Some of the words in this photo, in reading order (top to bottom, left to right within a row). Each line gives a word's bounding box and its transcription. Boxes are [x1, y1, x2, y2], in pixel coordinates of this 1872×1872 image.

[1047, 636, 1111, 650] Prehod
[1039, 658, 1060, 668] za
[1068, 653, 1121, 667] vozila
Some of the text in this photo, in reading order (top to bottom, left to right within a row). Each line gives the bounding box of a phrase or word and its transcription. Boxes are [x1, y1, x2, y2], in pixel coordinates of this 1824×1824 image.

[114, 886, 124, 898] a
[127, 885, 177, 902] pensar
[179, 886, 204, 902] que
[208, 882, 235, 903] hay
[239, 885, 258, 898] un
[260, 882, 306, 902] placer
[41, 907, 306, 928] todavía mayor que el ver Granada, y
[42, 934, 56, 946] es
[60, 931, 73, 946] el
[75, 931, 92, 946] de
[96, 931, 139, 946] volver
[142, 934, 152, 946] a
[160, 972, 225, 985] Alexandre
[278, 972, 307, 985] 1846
────────────────
**Requirement:** The material must be written out again in full and without changes.

**Result for this task:**
Some of the words in this photo, in reading order (top to bottom, left to right within a row). Each line gives a word's bounding box and its transcription. Boxes are [x1, y1, x2, y2], in pixel coordinates of this 1872×1872 image.

[1047, 636, 1111, 650] Prehod
[1039, 658, 1060, 668] za
[1068, 653, 1121, 667] vozila
Some of the text in this photo, in reading order (top to bottom, left to right within a row). Each line gives the bounding box of a phrase or word and its transcription. Boxes are [x1, y1, x2, y2], in pixel coordinates of this 1824×1824 image.

[114, 886, 124, 898] a
[127, 885, 177, 902] pensar
[179, 886, 204, 902] que
[208, 882, 235, 903] hay
[239, 885, 258, 898] un
[260, 882, 306, 902] placer
[41, 907, 306, 928] todavía mayor que el ver Granada, y
[42, 934, 56, 946] es
[60, 931, 73, 946] el
[75, 931, 92, 946] de
[96, 931, 139, 946] volver
[142, 934, 152, 946] a
[160, 972, 225, 985] Alexandre
[278, 972, 307, 985] 1846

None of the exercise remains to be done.